Monk se levantó y se despidió mientras ella se quedaba observando su figura, algo envarada y tan peculiar, bajar la escalera y salir a la calle. Habría podido reconocerlo en cualquier parte sólo por su manera de andar. Tenía una agilidad de movimientos no muy diferente de la que es propia de los soldados acostumbrados a la autodisciplina que imponen las largas marchas, pese a que en su porte no había nada de militar.
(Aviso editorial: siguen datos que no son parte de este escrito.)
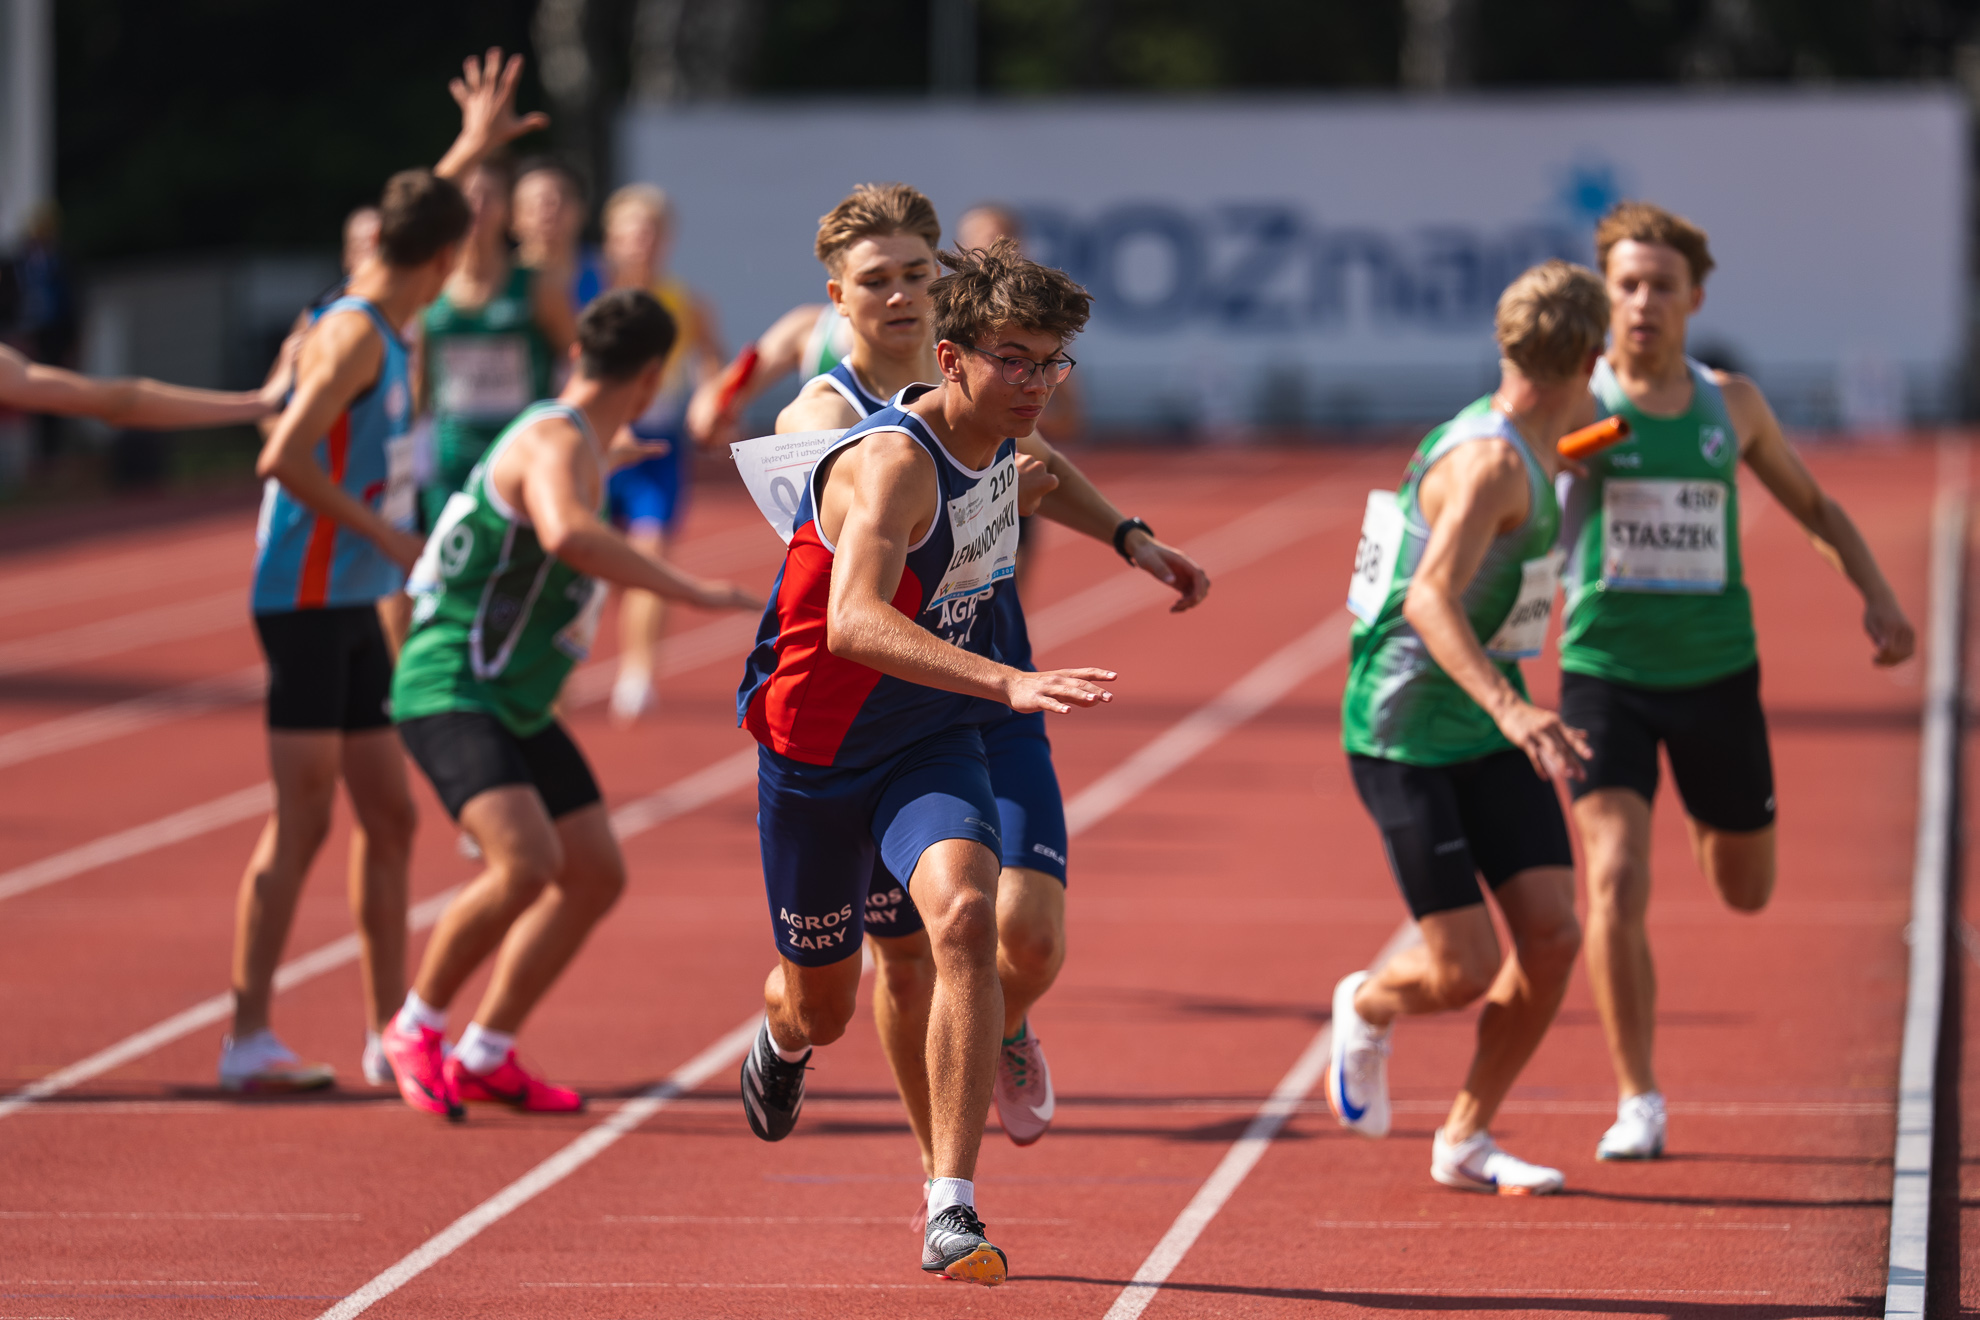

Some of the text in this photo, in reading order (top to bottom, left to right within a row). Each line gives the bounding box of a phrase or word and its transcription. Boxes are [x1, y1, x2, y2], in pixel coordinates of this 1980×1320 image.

[989, 463, 1015, 503] 210
[1611, 520, 1720, 551] STASZEK
[780, 903, 852, 931] AGROS
[788, 926, 847, 950] ŻARY
Así que lo hubo perdido de vista, se sentó. Tenía frío y sentía una cierta desazón, sabiendo que le era imposible no hacer lo que Monk le había pedido y exactamente tal como se lo había pedido. Mejor que ella fuera la primera en saber la verdad que tener que esperar a que la descubrieran otros.
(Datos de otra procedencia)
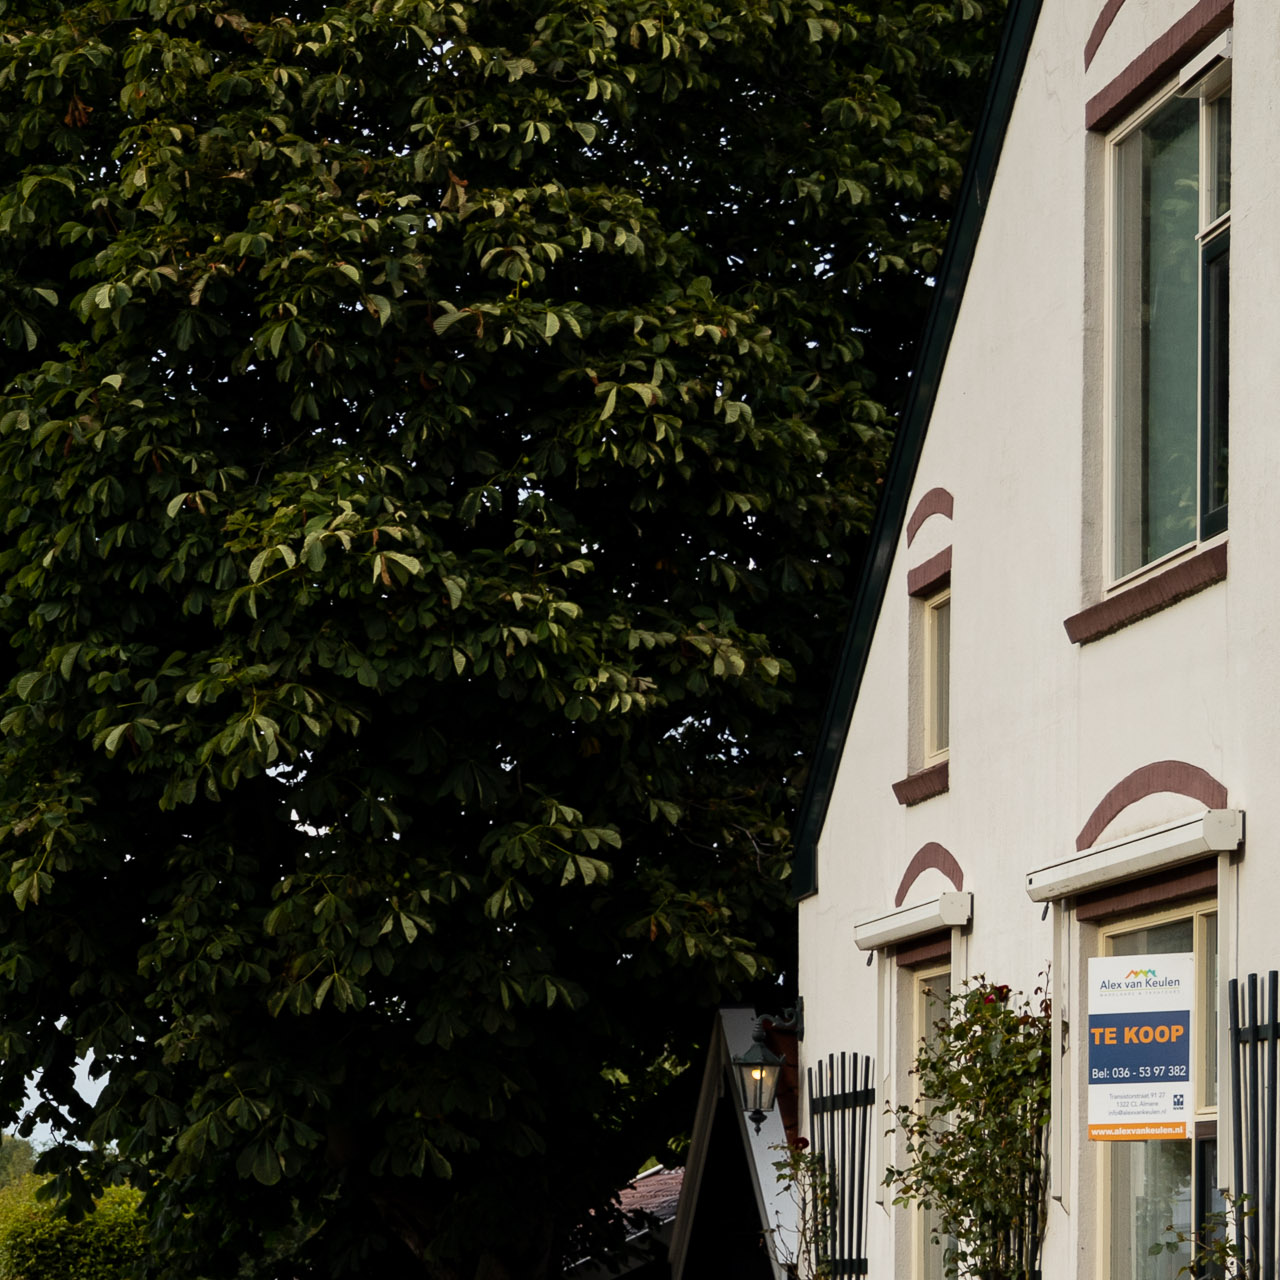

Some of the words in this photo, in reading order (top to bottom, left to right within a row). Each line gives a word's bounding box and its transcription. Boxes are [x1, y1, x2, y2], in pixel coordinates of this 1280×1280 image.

[1100, 979, 1122, 990] Alex
[1124, 981, 1142, 989] van
[1145, 977, 1180, 988] Keulen
[1091, 1027, 1117, 1045] TE
[1124, 1025, 1184, 1044] KOOP
[1092, 1068, 1110, 1079] Bel:
[1112, 1067, 1130, 1078] 036
[1139, 1066, 1151, 1077] 53
[1153, 1066, 1165, 1077] 97
[1168, 1065, 1186, 1076] 382
[1091, 1126, 1183, 1136] www.alexvankeulen.nl
Pasó una tarde de soledad y tristeza y cenó sola en su habitación. Hasta que supiera la verdad a través de Imogen, no podía correr el riesgo de permanecer mucho tiempo con Charles, sentada a la mesa con él, por ejemplo. Tenía miedo de que sus pensamientos la traicionasen y acabasen hiriéndolos a ambos. Cuando era niña se tenía por muy sutil y capaz de todo tipo de disimulos. Tendría unos veinte años cuando se refirió a ello con toda seriedad en el curso de una comida. Era la única ocasión en que recordaba haber visto a toda su familia al completo prorrumpir en sonoras carcajadas. El primero en reír había sido George, con el rostro contraído por las muecas de una incontenible hilaridad y manifestando lo que pensaba a grito pelado. ¡Vaya idea peregrina la suya! ¡Pero si era la persona más transparente del mundo en todo lo que fueran emociones! Cuando estaba contenta arrastraba a toda la casa en un remolino de alegría; cuando se sentía desgraciada, caía sobre toda la familia un velo de fúnebre tristeza.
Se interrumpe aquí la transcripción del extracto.